A little over 18 months ago, a story broke out of Ohio that a mom was charged with a felony for falsifying information about where she lived to get her daughter into a different public school. Neither Kelley Williams-Bolar nor any other parent should be forced to choose between finding a better education and obeying the law. Back then I wrote:
For someone like me living in Colorado, with a strong (but not perfect) open enrollment law, the first reaction was: You have to lie to get your kid into another school district? It’s very sad that some K-12 systems can be so backward and unresponsive, but it’s symptomatic of a larger problem….
Well, color me naive. A new story from the Aspen Times (H/T Ed News Colorado) reports that the problem is real in the resort town’s high-end school district, and includes more than just one person:
According to [Aspen Superintendent Dr. John] Maloy, the district has already conducted more than 20 residency-related investigations this school year, which began last week for high schoolers and Monday for other students. Investigations are launched any time questions of residency arise or if proper residency documents are not provided.
In these cases, parents are called in for an interview. If the concern persists, school resource officers — which include an Aspen police officer and a Pitkin County Sheriff’s deputy — are called in to conduct home visits.
In addition, the school district has been forced to consult with its attorneys after some district administrators received “threats” related to residency investigations. Attorneys have also been consulted about instances where parents attempt to hand over guardianship of their children to in-district families for the sole purpose of having the children attend the Aspen schools.
Say what? I hope my mom and dad aren’t reading this to get any ideas. I kind of like my bedroom and my stash of toys. But seriously, don’t you think one of the important messages here is that a significant number of Colorado parents out there demand something better for their children? As long as some are trapped in unwanted situations, even with a strong (but obviously imperfect) open enrollment law, we’re selling the promise short.

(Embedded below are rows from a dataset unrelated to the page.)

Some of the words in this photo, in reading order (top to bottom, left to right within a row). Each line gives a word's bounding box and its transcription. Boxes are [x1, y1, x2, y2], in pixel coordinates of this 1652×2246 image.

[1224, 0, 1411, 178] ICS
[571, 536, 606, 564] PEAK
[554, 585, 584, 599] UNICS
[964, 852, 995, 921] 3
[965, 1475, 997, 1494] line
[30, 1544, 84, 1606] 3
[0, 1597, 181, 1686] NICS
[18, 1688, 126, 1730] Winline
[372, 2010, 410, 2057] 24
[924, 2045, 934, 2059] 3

To be fair, the article later reports the superintendent saying that “not necessarily all” 20 cases involved deceptive efforts on enrollment documents. And furthermore, let’s be clear: Lying isn’t right. My parents have made that point effectively to me. But what does it say about the availability of excellent and otherwise desirable educational opportunities that some people are willing to go as far as they did? (You may be sensing a theme develop here….)

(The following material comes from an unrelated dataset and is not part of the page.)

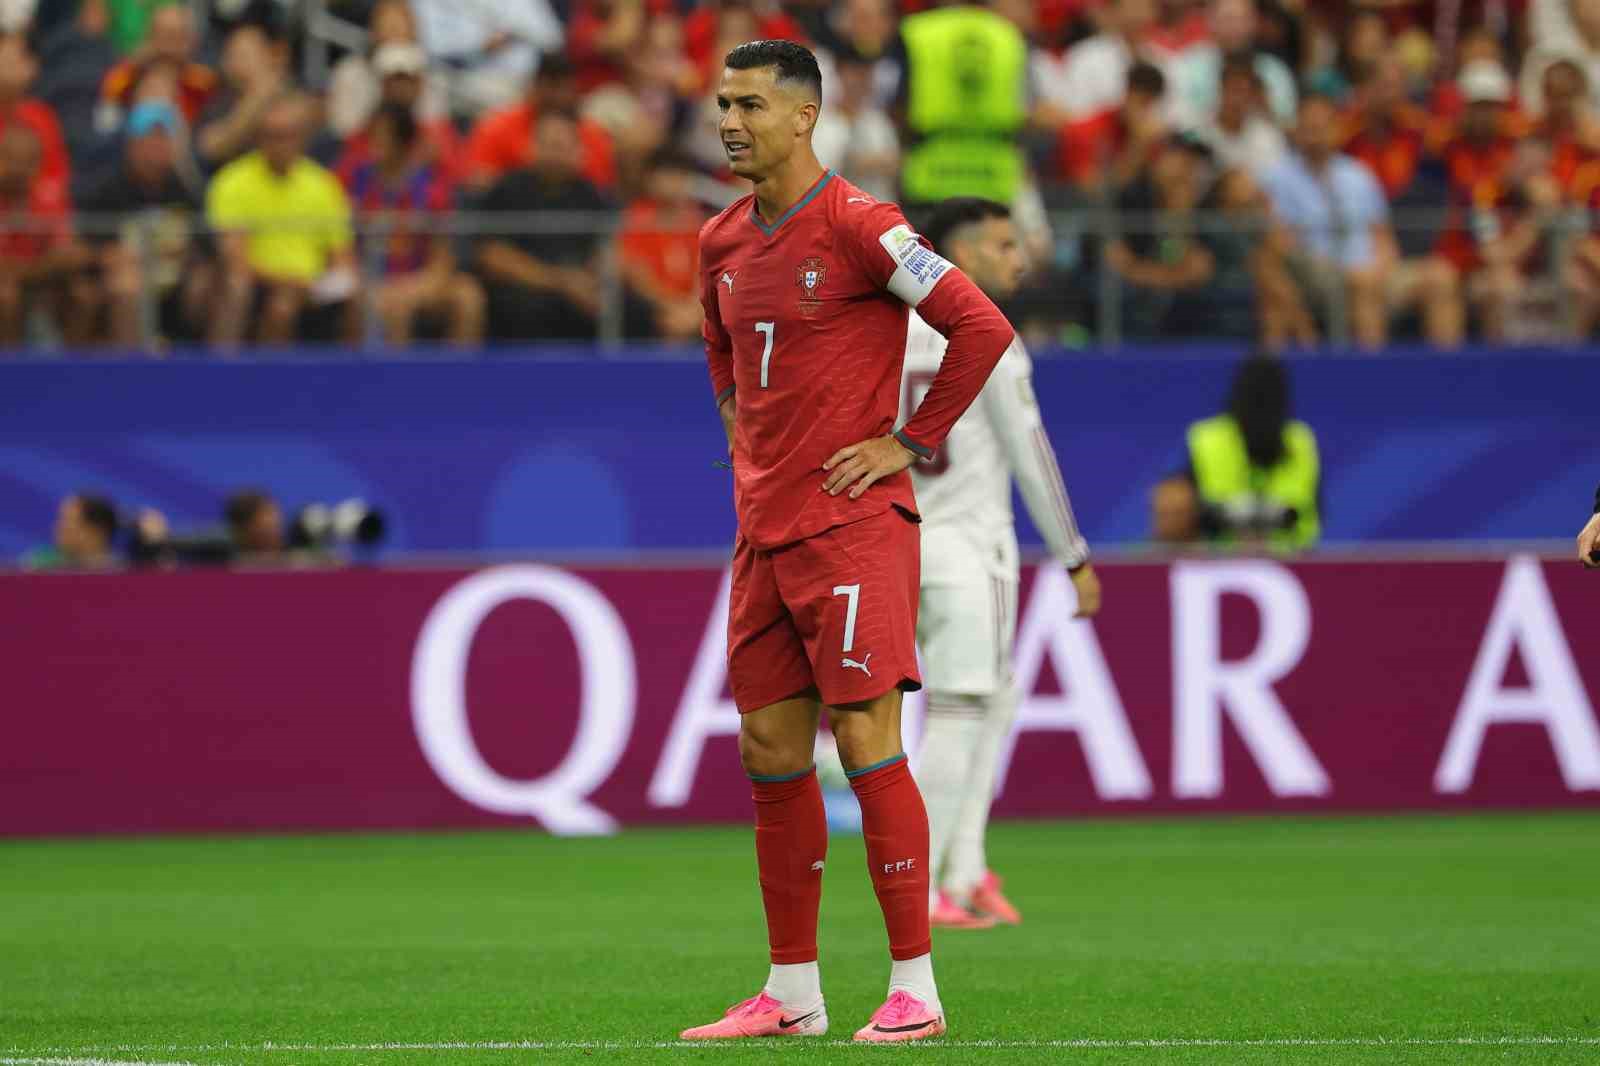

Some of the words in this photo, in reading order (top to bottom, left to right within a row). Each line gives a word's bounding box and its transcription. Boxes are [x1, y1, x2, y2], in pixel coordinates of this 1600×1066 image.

[755, 322, 774, 388] 7
[833, 584, 860, 652] 7
[409, 560, 1332, 837] QAAR

There is a right way for parents to go about finding the most suitable school for their children by taking advantage of the Colorado law that allows families to choose public schools within within and across district boundaries. The fantastic School Choice for Kids website is just the place you need to go for that. Know your rights and your options. Realize there are things many school boards can do to craft their local open enrollment policies to be more parent-friendly.
Kelley Williams-Bolar ended up being convicted and serving jail time, and since has started the Ohio Parents Union. She advocates for the power of the “parent trigger” law to help families like hers trapped in desperate schooling situations to get out and achieve something greater.
Without more information, it’s difficult to say how the situation compares for families living beyond the borders of the Aspen School District. The “parent trigger” could only exist as a viable option for the most consistently failing school systems. But the two stories are similar in this respect: Educational opportunities shouldn’t seem so dire that families are confronted with serious temptation to lie or break the law as what seems the best (or only) way to escape their limited boundaries.